EU to tighten Iran sanctions
Britain urged Europe to isolate Iran financially as EU foreign ministers gathered to agree sweeping new measures against Tehran due to fresh concerns over its secret nuclear programme.
Thanking European Union countries for their "emphatic support" following the storming of Britain's embassy in Iran, Foreign Secretary William Hague said "I hope we will agree today additional measures that will be an intensification of the economic pressure on Iran.
"Peaceful legitimate economic pressure particularly to increase the isolation of the Iranian financial sector," he added.
Backing moves to tighten the financial noose, German counterpart Guido Westerwelle said the aim must be "to dry up Iran's financial sources."
Pressed into action following the publication of a new report on Iran's contested nuclear activity, the ministers are expected to slap an assets freeze and travel ban on a further 143 Iranian companies and 37 people.

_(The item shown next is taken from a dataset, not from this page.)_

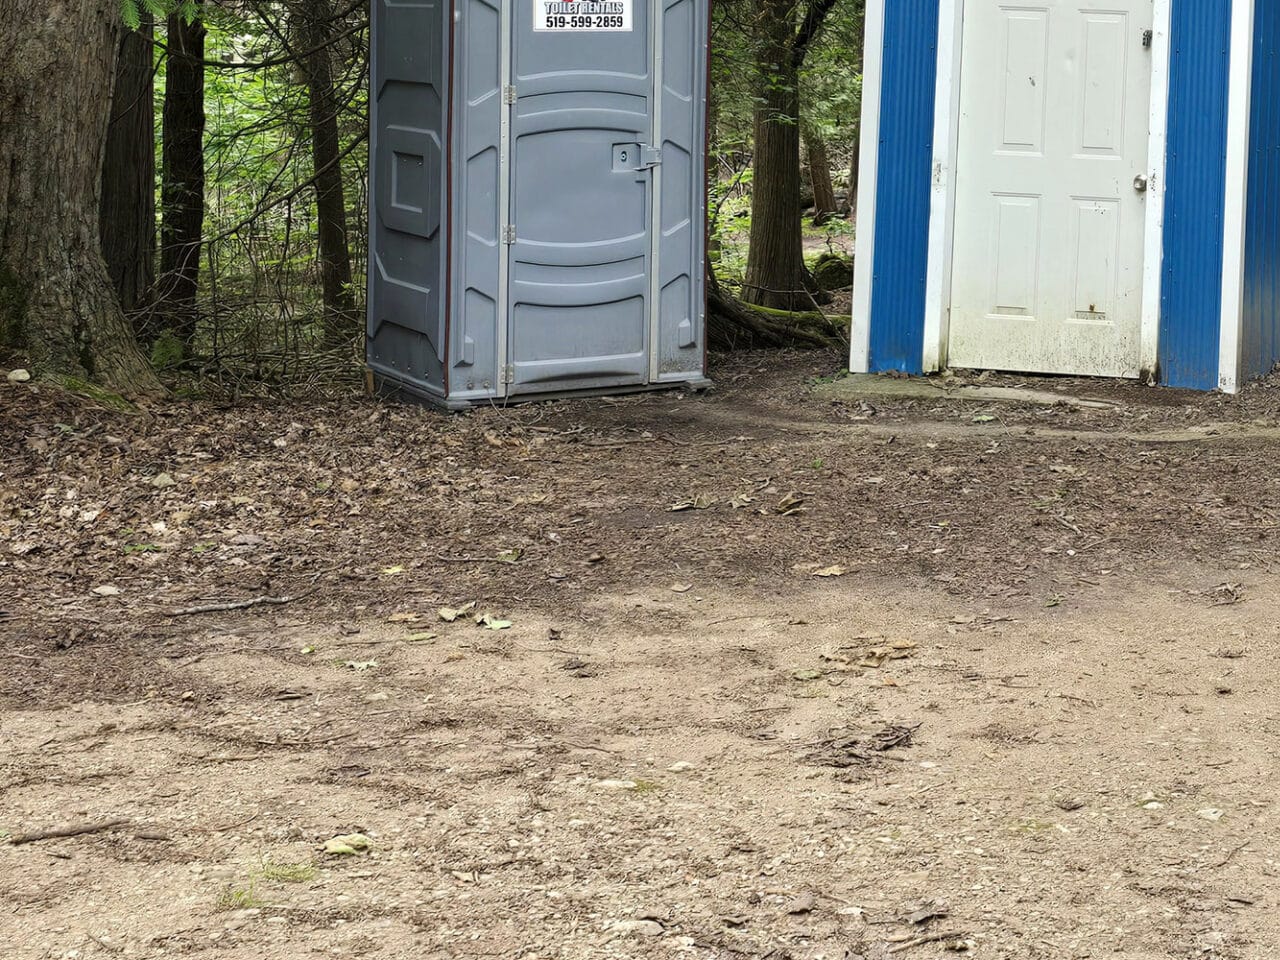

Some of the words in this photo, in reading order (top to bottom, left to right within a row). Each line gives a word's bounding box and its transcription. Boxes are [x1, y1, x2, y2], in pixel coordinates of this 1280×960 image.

The measures will concern "those associated with or providing support to Iran's proliferation-sensitive nuclear activities," an EU document said.
Much of the international community fears Iran's nuclear programme masks a drive for a weapons capability, though Tehran says it serves peaceful civilian energy and medical purposes only.
Urging the EU's 27 states "to ratchet up sanctions" in the light of the attacks on the British embassy, EU foreign policy chief Catherine Ashton, who leads global talks on Iran's nuclear issue, said it was time "to make it clear to Iran that we are very serious."
But Europe remains divided over extending the blacklist to the country's oil sector or freezing the assets of its central bank.
Britain, France and Germany and Sweden favour a bar on buying oil from Iran, but with Spain, Greece and Italy significantly dependent on this resource "there will be no oil sanctions" announced Thursday, an EU diplomat told AFP.